Gólovin se echó a reír hasta que se le saltaron las lágrimas.

—Muy bueno… —dijo en cuanto recuperó la compostura—. Pero siga, por favor. Está logrando divertirme.

—Adela caviló sobre cómo dar a conocer a su criatura sin que alguno de quienes la odiaban le encasquetara un virus letal. Y entonces descubrió que su propia vida estaba en las manos de su peor enemigo. Fue con una levadura asesina, ¿verdad?

—Sí. Era una gran bebedora de cerveza, la cual destilaba ella misma. Conseguí que alguien colocara en el sitio adecuado una cepa de levadura que reemplazó a las suyas sin ser detectada, y convirtió su cerveza en un brebaje la mar de efectivo —hizo una pausa, complacido de sí mismo—. ¿Sabe lo que es un sistema bioquímico de seguridad? Los espías corporativos lo emplean para evitar delatar a sus jefes cuando son capturados. Sus cerebros son tratados con ciertas drogas que provocan su destrucción fulminante, en caso de ser torturados. Mi cerveza hacía algo parecido, simulando un síndrome de Fuckel. El disparador del proceso sería una olvidada pieza de música centauriana. Así podría acabar con ella cuando me viniera en gana.

—La llamada telefónica…

—Le dije: «Adela, grandísima puta, date por muerta», y sonó la música. Así tuvo tiempo de saber quién era su verdugo. No podía arriesgarme a que le contara algún secreto sobre mí, algo muy probable si había acudido por propia iniciativa a visitarlo al consulado. Menos mal que Kevin me avisó —lo obsequió con una sonrisa—. Luego tendrás que olvidar esto, por tu propia seguridad.

—Usted manda, doctor.

—Da gusto reclutar empleados tan razonables, ¿verdad? Bueno, Zimmer, ¿qué me estaba contando?

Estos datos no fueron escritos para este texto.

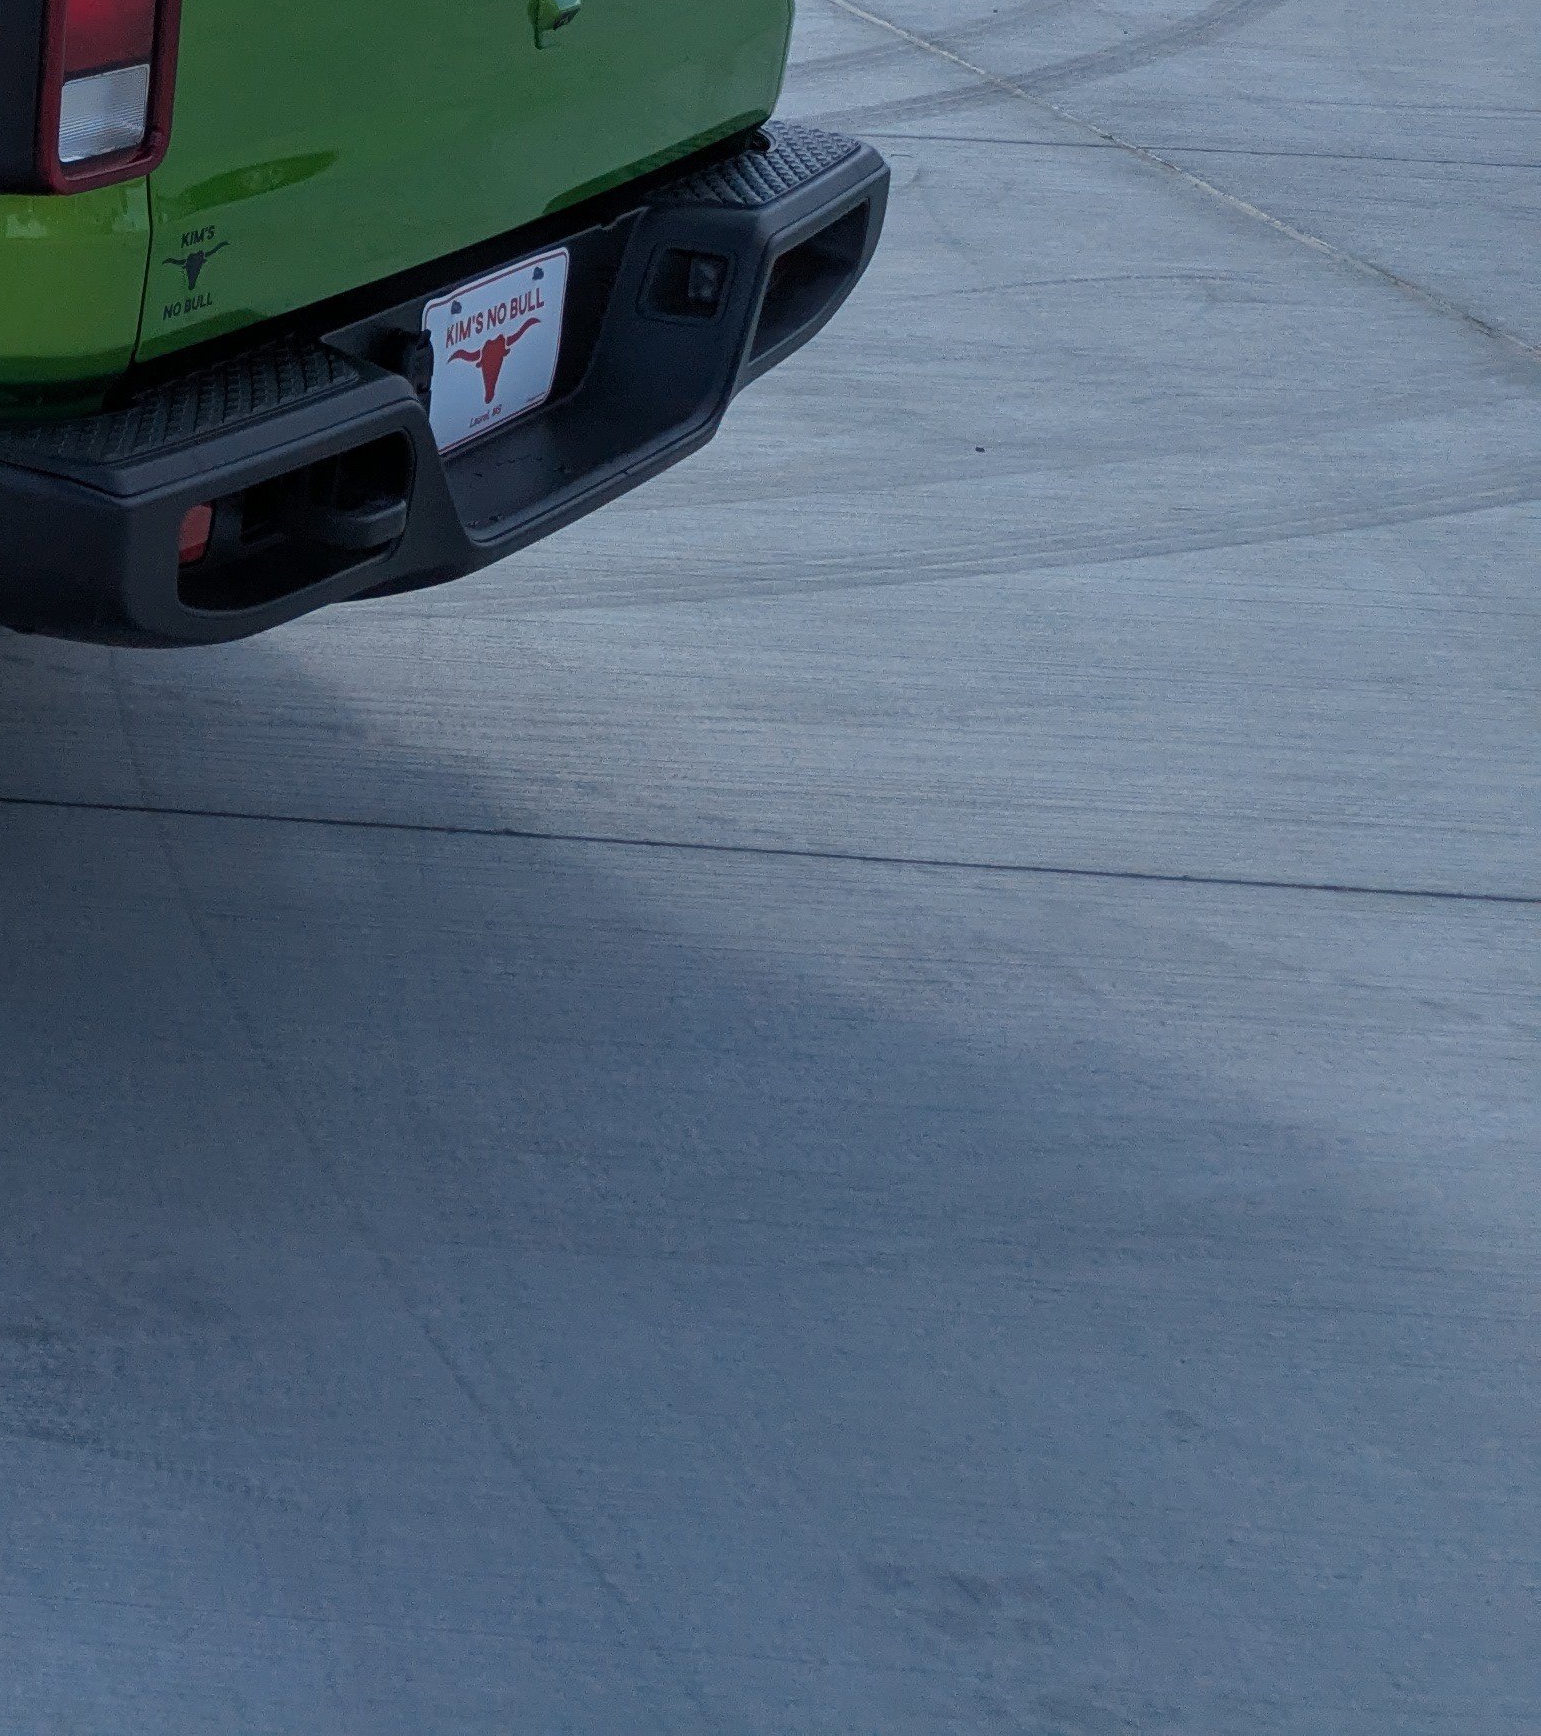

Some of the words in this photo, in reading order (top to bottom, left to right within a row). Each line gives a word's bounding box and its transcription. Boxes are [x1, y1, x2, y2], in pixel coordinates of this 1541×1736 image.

—Sabiendo que tenía sus días contados y que estaba a su merced y capricho, Adela, en vez de vengarse, obró de forma altruista. Sólo pensaba en su hongo. Al menos, él tenía que salvarse. Lo primero era evitar que usted adivinara su existencia. Blindó sus archivos principales e ideó la pantomima del níscalo. Descubrió que usted había infiltrado a un topo en su laboratorio, Samuel Carrión, y decidió matar dos pájaros de un tiro. Destruyó a un níscalo inofensivo, drogó a Carrión, provocó la ejecución de éste, me envió mensajes simulando ser la amante de aquel pobre diablo, hizo lo mismo con usted… En fin, que acabó organizando un embrollo de todos los demonios. A usted lo confundió con el señuelo de la inmortalidad, enfocando su atención en el níscalo. Con semejante lío, a nadie se le ocurriría pensar en algo tan anodino como Armillaria, que así quedaría a salvo. Pero ¿quién cuidaría a su hongo cuando ella ya no estuviera?

—Pudo contratar una canguro —soltó Kevin, y los dos se desternillaron de risa.

—Ella optó por un extranjero —continué, sin hacer caso a la interrupción—. Seguramente planeó contárselo a mi predecesor, pero como éste tuvo que irse, me tocó a mí. Adela estaba dispuesta a ceder la atribución de su descubrimiento con tal de preservarlo. Si alguien de fuera anunciaba que existía un bosque inteligente, ninguno de sus enemigos se sentiría celoso. Resultó muy noble por su parte renunciar a lo que más quería, la fama. La muerte frustró sus planes, aunque me dejó las pistas suficientes para desentrañar el misterio. He terminado.

—Pero bueno… ¿Piensa que nos vamos a tragar semejante sarta de disparates? —dijo Gólovin—. Nos lo hemos pasado muy bien en su compañía, pero si no tiene más que añadir…

Era mi sentencia de muerte. Miré a las cajas con Pilobolus.

—He acabado mi relato. Ya tenía ganas —respondí, y estiré los brazos para reactivar la circulación sanguínea.

Gólovin y Kevin dieron un respingo. Me había movido, y los hongos escopeteros no reaccionaron.